Снова и снова, по кругу и по кругу несется она.
Кладовая примыкала к общему залу бара, и сегодня разделявшая их стена вибрировала от шума, пульсировала, как кожа на барабане. Всего лишь двадцатью минутами раньше это был пятничный вечер, а по пятницам текстильная фабрика Оутли и завод резинотехнических изделий Догтауна выплачивали зарплату. И теперь народу в баре набилось под завязку… и даже больше. Слева от барной стойки висело большое объявление: «ОДНОВРЕМЕННОЕ ПРЕБЫВАНИЕ В ЗАЛЕ БОЛЕЕ 220 ЧЕЛОВЕК ЯВЛЯЕТСЯ НАРУШЕНИЕМ ПУНКТА 331 ПРАВИЛ ПРОТИВОПОЖАРНОЙ БЕЗОПАСНОСТИ, ДЕЙСТВУЮЩИХ НА ТЕРРИТОРИИ ОКРУГА ДЖЕНЕСИ». Вероятно, пункт 331 временно прекращал свое действие по завершении рабочей недели, потому что, по прикидкам Джека, в баре собралось больше трехсот человек, отрывавшихся под музыку кантри-вестерн-группы, именовавшей себя «Парни из Дженни-Вэлли». Играли они ужасно, но у них была педальная стил-гитара. «Здешние парни любят педал-стил, Джек», – объяснил ему Смоуки.
– Джек! – проорала Лори, перекрывая стену звука.
Лори, женщина Смоуки. Джек не знал ее фамилии. Он едва слышал голос Лори за грохотом музыкального автомата, вопящего на полную мощность, потому что группа ушла на перерыв. Все пятеро музыкантов стояли у дальнего конца барной стойки и накачивались «Черным русским», который отпускался им за полцены. Лори сунула голову в кладовую. Тусклые светлые волосы удерживали детские белые заколки, поблескивавшие под флуоресцентным светом.
– Джек, если ты сейчас же не прикатишь этот бочонок, боюсь, он сломает тебе руку.
– Хорошо, – ответил Джек. – Скажи ему, что сейчас буду.
У него по коже побежали мурашки, и не от холода. У Смоуки Апдайка не забалуешь. Смоуки, который то и дело менял бумажные поварские колпаки, нахлобучивая их на узкую голову, Смоуки с большими пластмассовыми вставными челюстями, купленными по почтовому каталогу, наводящими ужас и чересчур красивыми в своей идеальной ровности, Смоуки с яростными карими глазами и грязно-желтыми склерами старика. Смоуки Апдайк, который каким-то образом, по-прежнему непонятным для Джека – и оттого еще более пугающим, – сумел превратить мальчика в узника.

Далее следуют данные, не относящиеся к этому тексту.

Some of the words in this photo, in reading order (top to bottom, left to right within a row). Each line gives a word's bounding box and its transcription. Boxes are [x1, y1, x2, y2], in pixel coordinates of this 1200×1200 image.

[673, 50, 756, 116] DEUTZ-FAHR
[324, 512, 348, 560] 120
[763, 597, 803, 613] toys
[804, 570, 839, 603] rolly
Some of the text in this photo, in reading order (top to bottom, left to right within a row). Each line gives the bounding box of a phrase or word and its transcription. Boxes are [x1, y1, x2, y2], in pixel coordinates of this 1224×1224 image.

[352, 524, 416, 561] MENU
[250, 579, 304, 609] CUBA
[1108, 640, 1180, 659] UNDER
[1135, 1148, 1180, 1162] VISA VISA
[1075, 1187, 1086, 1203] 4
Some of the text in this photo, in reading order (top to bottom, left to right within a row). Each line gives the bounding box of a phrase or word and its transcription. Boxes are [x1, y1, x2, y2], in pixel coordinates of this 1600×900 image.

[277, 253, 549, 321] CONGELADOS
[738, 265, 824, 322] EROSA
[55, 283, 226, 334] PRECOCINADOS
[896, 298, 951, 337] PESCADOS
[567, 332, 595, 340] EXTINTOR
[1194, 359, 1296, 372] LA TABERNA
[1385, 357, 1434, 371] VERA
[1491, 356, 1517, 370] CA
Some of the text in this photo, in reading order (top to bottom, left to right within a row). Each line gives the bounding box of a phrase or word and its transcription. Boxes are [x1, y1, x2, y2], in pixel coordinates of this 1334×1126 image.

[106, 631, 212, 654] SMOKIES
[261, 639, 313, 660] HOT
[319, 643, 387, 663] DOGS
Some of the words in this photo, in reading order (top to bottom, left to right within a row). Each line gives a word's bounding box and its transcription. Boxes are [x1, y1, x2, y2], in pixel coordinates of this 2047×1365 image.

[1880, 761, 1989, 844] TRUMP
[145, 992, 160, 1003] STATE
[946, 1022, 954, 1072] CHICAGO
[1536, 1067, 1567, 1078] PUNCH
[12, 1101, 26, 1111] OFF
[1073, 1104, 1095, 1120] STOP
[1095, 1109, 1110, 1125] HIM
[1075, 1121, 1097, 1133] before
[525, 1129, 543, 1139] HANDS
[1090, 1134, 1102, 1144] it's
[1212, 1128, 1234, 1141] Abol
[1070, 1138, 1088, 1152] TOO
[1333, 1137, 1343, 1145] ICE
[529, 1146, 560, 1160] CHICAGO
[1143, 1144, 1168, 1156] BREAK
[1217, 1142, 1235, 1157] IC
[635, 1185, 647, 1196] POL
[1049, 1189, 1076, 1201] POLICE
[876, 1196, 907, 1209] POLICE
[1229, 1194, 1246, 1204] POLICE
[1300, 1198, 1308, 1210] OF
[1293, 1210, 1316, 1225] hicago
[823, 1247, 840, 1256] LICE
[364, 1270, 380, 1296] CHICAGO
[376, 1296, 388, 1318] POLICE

Музыкальный автомат временно смолк, остался рев толпы, который даже чуть усилился, чтобы компенсировать музыкальную паузу. Какой-то ковбой с озера Онтарио затянул грубым пьяным голосом: «Йи-и-и-ХО-О!» Вскрикнула женщина. Разбилось что-то стеклянное. Вновь включился музыкальный автомат, взревел, как двигатели ракеты «Сатурн» при взлете.
Из тех мест, где едят то, что раздавят на дороге.
Сырым.
Джек наклонился над алюминиевым бочонком, перетащил его примерно на три фута, скривив рот от боли. Несмотря на холод, на лбу выступил пот, спина запротестовала. Бочонок скрежетал, продвигаясь по неровному бетону. Джек остановился, тяжело дыша, в ушах у него звенело.
Он подвез ручную тележку к бочонку. Поставил его на обод, покатил вперед, к тележке, и когда уже опускал, потерял над ним контроль – тот весил лишь на несколько фунтов меньше Джека. Бочонок тяжело плюхнулся на переднюю часть тележки, где лежал кусок ковра, чтобы смягчать подобные удары. Джек попытался закатить бочонок на тележку, одновременно убрав руки, чтобы их не раздавило между бочонком и бортом тележки. Не успел. Тем не менее руки остались целы. Джек сунул пульсирующие болью пальцы левой руки в рот и пососал, в его глазах стояли слезы.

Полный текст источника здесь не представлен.